• **Activity**: Take the records underneath and set them down exactly.

Data entries
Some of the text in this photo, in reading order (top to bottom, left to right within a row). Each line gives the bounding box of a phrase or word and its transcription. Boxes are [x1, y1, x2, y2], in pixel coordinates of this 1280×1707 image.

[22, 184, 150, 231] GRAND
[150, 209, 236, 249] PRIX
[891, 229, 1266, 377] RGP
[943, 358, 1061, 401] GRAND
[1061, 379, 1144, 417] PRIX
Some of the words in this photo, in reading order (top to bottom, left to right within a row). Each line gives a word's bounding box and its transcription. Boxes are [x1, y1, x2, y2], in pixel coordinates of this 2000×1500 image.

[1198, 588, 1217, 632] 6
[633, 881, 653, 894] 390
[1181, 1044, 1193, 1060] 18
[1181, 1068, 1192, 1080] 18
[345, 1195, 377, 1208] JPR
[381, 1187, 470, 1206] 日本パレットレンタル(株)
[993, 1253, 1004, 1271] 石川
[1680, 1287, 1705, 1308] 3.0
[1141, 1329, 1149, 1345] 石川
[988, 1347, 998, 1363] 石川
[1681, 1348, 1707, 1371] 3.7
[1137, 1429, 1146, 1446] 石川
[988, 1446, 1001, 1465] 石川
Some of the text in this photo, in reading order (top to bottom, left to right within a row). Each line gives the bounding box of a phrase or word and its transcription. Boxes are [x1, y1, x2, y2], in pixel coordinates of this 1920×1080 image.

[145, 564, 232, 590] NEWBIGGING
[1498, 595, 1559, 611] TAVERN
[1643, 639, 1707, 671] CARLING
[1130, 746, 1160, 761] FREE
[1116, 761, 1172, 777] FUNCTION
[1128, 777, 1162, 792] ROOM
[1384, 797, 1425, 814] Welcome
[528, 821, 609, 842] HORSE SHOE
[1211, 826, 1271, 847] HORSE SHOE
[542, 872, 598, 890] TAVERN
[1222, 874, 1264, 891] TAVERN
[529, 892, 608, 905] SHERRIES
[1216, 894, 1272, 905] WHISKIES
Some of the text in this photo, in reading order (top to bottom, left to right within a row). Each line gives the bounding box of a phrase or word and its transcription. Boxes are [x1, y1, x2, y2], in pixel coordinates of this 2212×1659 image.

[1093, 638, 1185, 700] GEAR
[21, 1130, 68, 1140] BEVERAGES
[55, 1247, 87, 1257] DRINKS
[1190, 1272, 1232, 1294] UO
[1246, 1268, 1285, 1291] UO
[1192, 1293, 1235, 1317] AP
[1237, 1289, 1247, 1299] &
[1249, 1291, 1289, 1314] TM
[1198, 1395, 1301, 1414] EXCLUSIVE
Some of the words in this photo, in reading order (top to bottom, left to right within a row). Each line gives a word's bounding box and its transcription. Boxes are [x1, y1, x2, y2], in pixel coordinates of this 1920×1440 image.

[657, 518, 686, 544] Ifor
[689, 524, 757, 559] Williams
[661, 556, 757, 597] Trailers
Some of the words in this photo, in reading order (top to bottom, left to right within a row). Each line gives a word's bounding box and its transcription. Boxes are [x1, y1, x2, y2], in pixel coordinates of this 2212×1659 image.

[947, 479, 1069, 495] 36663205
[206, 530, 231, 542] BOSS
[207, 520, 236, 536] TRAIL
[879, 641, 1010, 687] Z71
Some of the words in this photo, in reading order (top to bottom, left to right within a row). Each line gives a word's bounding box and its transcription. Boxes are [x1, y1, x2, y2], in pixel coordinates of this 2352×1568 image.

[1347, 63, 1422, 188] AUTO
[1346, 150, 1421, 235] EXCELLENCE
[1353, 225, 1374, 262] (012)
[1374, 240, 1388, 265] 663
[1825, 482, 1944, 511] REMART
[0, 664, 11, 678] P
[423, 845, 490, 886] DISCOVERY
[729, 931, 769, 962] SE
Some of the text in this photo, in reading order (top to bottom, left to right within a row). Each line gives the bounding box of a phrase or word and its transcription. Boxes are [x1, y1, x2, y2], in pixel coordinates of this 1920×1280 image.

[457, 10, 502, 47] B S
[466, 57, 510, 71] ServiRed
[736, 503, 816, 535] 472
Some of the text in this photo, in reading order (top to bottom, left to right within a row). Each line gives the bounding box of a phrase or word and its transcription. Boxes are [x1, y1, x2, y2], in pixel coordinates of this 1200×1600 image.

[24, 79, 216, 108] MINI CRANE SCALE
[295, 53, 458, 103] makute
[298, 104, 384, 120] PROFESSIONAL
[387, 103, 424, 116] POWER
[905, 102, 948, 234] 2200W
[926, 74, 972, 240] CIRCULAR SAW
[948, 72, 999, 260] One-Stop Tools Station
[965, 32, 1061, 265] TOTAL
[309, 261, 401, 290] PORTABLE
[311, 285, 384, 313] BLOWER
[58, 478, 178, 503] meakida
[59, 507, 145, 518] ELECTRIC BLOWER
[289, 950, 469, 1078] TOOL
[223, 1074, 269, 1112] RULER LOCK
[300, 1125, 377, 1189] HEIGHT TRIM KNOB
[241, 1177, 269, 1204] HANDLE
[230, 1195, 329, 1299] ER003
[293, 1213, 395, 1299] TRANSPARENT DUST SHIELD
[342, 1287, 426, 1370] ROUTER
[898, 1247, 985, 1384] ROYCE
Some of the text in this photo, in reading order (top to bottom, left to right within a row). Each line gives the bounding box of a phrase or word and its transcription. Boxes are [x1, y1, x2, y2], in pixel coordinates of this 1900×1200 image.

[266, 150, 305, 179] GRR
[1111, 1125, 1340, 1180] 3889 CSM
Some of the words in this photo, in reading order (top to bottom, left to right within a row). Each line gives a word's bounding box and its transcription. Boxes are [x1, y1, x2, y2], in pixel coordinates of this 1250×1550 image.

• **Written answer**:
Some of the text in this photo, in reading order (top to bottom, left to right within a row). Each line gives the bounding box of a phrase or word and its transcription. Boxes are [x1, y1, x2, y2], in pixel coordinates of this 1280×1707 image.

[22, 184, 150, 231] GRAND
[150, 209, 236, 249] PRIX
[891, 229, 1266, 377] RGP
[943, 358, 1061, 401] GRAND
[1061, 379, 1144, 417] PRIX
Some of the words in this photo, in reading order (top to bottom, left to right within a row). Each line gives a word's bounding box and its transcription. Boxes are [x1, y1, x2, y2], in pixel coordinates of this 2000×1500 image.

[1198, 588, 1217, 632] 6
[633, 881, 653, 894] 390
[1181, 1044, 1193, 1060] 18
[1181, 1068, 1192, 1080] 18
[345, 1195, 377, 1208] JPR
[381, 1187, 470, 1206] 日本パレットレンタル(株)
[993, 1253, 1004, 1271] 石川
[1680, 1287, 1705, 1308] 3.0
[1141, 1329, 1149, 1345] 石川
[988, 1347, 998, 1363] 石川
[1681, 1348, 1707, 1371] 3.7
[1137, 1429, 1146, 1446] 石川
[988, 1446, 1001, 1465] 石川
Some of the text in this photo, in reading order (top to bottom, left to right within a row). Each line gives the bounding box of a phrase or word and its transcription. Boxes are [x1, y1, x2, y2], in pixel coordinates of this 1920×1080 image.

[145, 564, 232, 590] NEWBIGGING
[1498, 595, 1559, 611] TAVERN
[1643, 639, 1707, 671] CARLING
[1130, 746, 1160, 761] FREE
[1116, 761, 1172, 777] FUNCTION
[1128, 777, 1162, 792] ROOM
[1384, 797, 1425, 814] Welcome
[528, 821, 609, 842] HORSE SHOE
[1211, 826, 1271, 847] HORSE SHOE
[542, 872, 598, 890] TAVERN
[1222, 874, 1264, 891] TAVERN
[529, 892, 608, 905] SHERRIES
[1216, 894, 1272, 905] WHISKIES
Some of the text in this photo, in reading order (top to bottom, left to right within a row). Each line gives the bounding box of a phrase or word and its transcription. Boxes are [x1, y1, x2, y2], in pixel coordinates of this 2212×1659 image.

[1093, 638, 1185, 700] GEAR
[21, 1130, 68, 1140] BEVERAGES
[55, 1247, 87, 1257] DRINKS
[1190, 1272, 1232, 1294] UO
[1246, 1268, 1285, 1291] UO
[1192, 1293, 1235, 1317] AP
[1237, 1289, 1247, 1299] &
[1249, 1291, 1289, 1314] TM
[1198, 1395, 1301, 1414] EXCLUSIVE
Some of the words in this photo, in reading order (top to bottom, left to right within a row). Each line gives a word's bounding box and its transcription. Boxes are [x1, y1, x2, y2], in pixel coordinates of this 1920×1440 image.

[657, 518, 686, 544] Ifor
[689, 524, 757, 559] Williams
[661, 556, 757, 597] Trailers
Some of the words in this photo, in reading order (top to bottom, left to right within a row). Each line gives a word's bounding box and its transcription. Boxes are [x1, y1, x2, y2], in pixel coordinates of this 2212×1659 image.

[947, 479, 1069, 495] 36663205
[206, 530, 231, 542] BOSS
[207, 520, 236, 536] TRAIL
[879, 641, 1010, 687] Z71
Some of the words in this photo, in reading order (top to bottom, left to right within a row). Each line gives a word's bounding box and its transcription. Boxes are [x1, y1, x2, y2], in pixel coordinates of this 2352×1568 image.

[1347, 63, 1422, 188] AUTO
[1346, 150, 1421, 235] EXCELLENCE
[1353, 225, 1374, 262] (012)
[1374, 240, 1388, 265] 663
[1825, 482, 1944, 511] REMART
[0, 664, 11, 678] P
[423, 845, 490, 886] DISCOVERY
[729, 931, 769, 962] SE
Some of the text in this photo, in reading order (top to bottom, left to right within a row). Each line gives the bounding box of a phrase or word and its transcription. Boxes are [x1, y1, x2, y2], in pixel coordinates of this 1920×1280 image.

[457, 10, 502, 47] B S
[466, 57, 510, 71] ServiRed
[736, 503, 816, 535] 472
Some of the text in this photo, in reading order (top to bottom, left to right within a row). Each line gives the bounding box of a phrase or word and its transcription. Boxes are [x1, y1, x2, y2], in pixel coordinates of this 1200×1600 image.

[24, 79, 216, 108] MINI CRANE SCALE
[295, 53, 458, 103] makute
[298, 104, 384, 120] PROFESSIONAL
[387, 103, 424, 116] POWER
[905, 102, 948, 234] 2200W
[926, 74, 972, 240] CIRCULAR SAW
[948, 72, 999, 260] One-Stop Tools Station
[965, 32, 1061, 265] TOTAL
[309, 261, 401, 290] PORTABLE
[311, 285, 384, 313] BLOWER
[58, 478, 178, 503] meakida
[59, 507, 145, 518] ELECTRIC BLOWER
[289, 950, 469, 1078] TOOL
[223, 1074, 269, 1112] RULER LOCK
[300, 1125, 377, 1189] HEIGHT TRIM KNOB
[241, 1177, 269, 1204] HANDLE
[230, 1195, 329, 1299] ER003
[293, 1213, 395, 1299] TRANSPARENT DUST SHIELD
[342, 1287, 426, 1370] ROUTER
[898, 1247, 985, 1384] ROYCE
Some of the text in this photo, in reading order (top to bottom, left to right within a row). Each line gives the bounding box of a phrase or word and its transcription. Boxes are [x1, y1, x2, y2], in pixel coordinates of this 1900×1200 image.

[266, 150, 305, 179] GRR
[1111, 1125, 1340, 1180] 3889 CSM
Some of the words in this photo, in reading order (top to bottom, left to right within a row). Each line gives a word's bounding box and its transcription. Boxes are [x1, y1, x2, y2], in pixel coordinates of this 1250×1550 image.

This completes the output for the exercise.